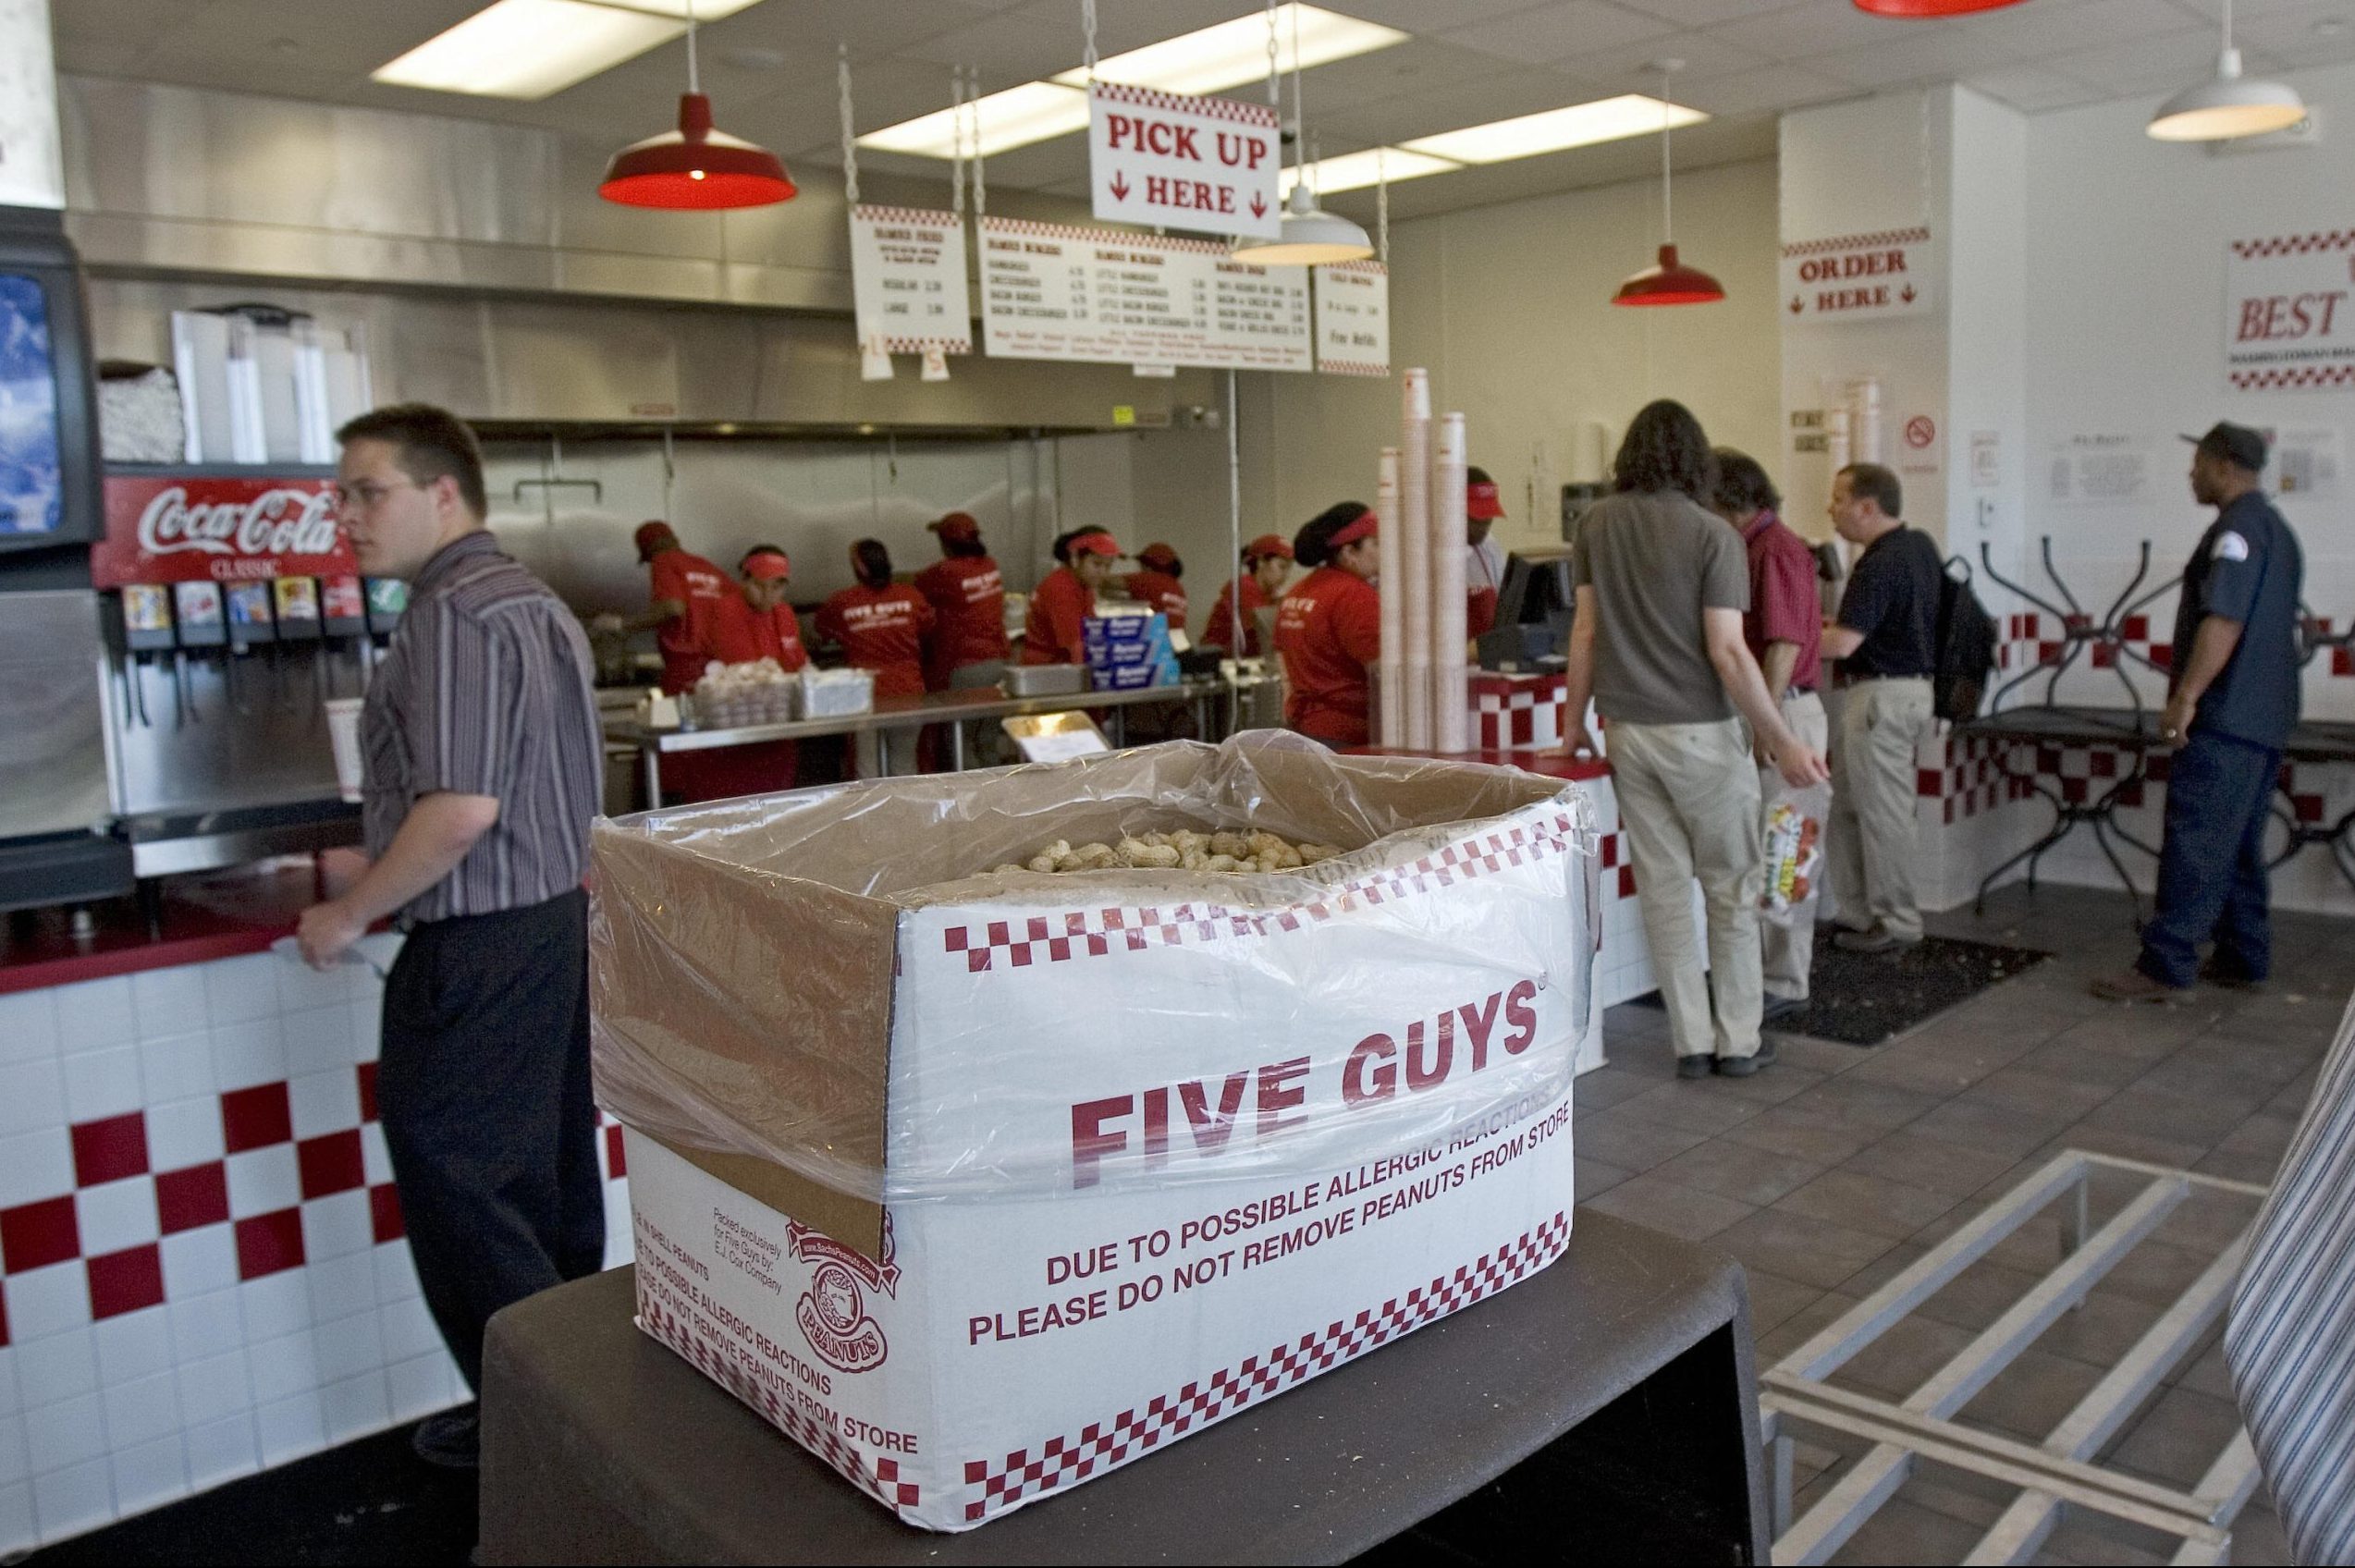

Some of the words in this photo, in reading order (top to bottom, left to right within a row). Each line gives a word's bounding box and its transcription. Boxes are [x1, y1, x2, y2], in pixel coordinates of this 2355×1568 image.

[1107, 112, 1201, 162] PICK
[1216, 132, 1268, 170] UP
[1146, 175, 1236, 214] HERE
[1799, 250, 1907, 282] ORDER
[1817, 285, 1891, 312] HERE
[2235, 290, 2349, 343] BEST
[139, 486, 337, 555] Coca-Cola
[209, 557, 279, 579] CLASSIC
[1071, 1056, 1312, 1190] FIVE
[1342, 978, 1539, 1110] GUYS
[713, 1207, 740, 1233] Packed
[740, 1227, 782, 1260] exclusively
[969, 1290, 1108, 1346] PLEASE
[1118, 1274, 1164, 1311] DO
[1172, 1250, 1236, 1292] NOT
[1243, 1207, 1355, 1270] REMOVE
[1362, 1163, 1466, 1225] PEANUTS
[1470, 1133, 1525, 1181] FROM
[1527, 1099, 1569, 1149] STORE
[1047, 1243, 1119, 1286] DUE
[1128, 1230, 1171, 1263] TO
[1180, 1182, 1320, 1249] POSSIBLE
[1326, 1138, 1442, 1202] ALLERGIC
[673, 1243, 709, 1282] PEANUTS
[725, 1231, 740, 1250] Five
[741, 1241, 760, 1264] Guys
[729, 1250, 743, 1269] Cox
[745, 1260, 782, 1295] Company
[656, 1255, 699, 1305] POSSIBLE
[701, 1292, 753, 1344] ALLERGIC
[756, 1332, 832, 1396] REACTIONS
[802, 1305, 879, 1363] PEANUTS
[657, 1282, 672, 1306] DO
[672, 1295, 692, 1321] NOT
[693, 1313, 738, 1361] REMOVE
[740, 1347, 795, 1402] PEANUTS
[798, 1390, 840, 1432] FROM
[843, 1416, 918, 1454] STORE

☆ ☆ ☆

What you have to do —
Only the text of the listing above is copied, exactly as written; its pictures are dropped.

Output for this task —
Some of the words in this photo, in reading order (top to bottom, left to right within a row). Each line gives a word's bounding box and its transcription. Boxes are [x1, y1, x2, y2], in pixel coordinates of this 2355×1568 image.

[1107, 112, 1201, 162] PICK
[1216, 132, 1268, 170] UP
[1146, 175, 1236, 214] HERE
[1799, 250, 1907, 282] ORDER
[1817, 285, 1891, 312] HERE
[2235, 290, 2349, 343] BEST
[139, 486, 337, 555] Coca-Cola
[209, 557, 279, 579] CLASSIC
[1071, 1056, 1312, 1190] FIVE
[1342, 978, 1539, 1110] GUYS
[713, 1207, 740, 1233] Packed
[740, 1227, 782, 1260] exclusively
[969, 1290, 1108, 1346] PLEASE
[1118, 1274, 1164, 1311] DO
[1172, 1250, 1236, 1292] NOT
[1243, 1207, 1355, 1270] REMOVE
[1362, 1163, 1466, 1225] PEANUTS
[1470, 1133, 1525, 1181] FROM
[1527, 1099, 1569, 1149] STORE
[1047, 1243, 1119, 1286] DUE
[1128, 1230, 1171, 1263] TO
[1180, 1182, 1320, 1249] POSSIBLE
[1326, 1138, 1442, 1202] ALLERGIC
[673, 1243, 709, 1282] PEANUTS
[725, 1231, 740, 1250] Five
[741, 1241, 760, 1264] Guys
[729, 1250, 743, 1269] Cox
[745, 1260, 782, 1295] Company
[656, 1255, 699, 1305] POSSIBLE
[701, 1292, 753, 1344] ALLERGIC
[756, 1332, 832, 1396] REACTIONS
[802, 1305, 879, 1363] PEANUTS
[657, 1282, 672, 1306] DO
[672, 1295, 692, 1321] NOT
[693, 1313, 738, 1361] REMOVE
[740, 1347, 795, 1402] PEANUTS
[798, 1390, 840, 1432] FROM
[843, 1416, 918, 1454] STORE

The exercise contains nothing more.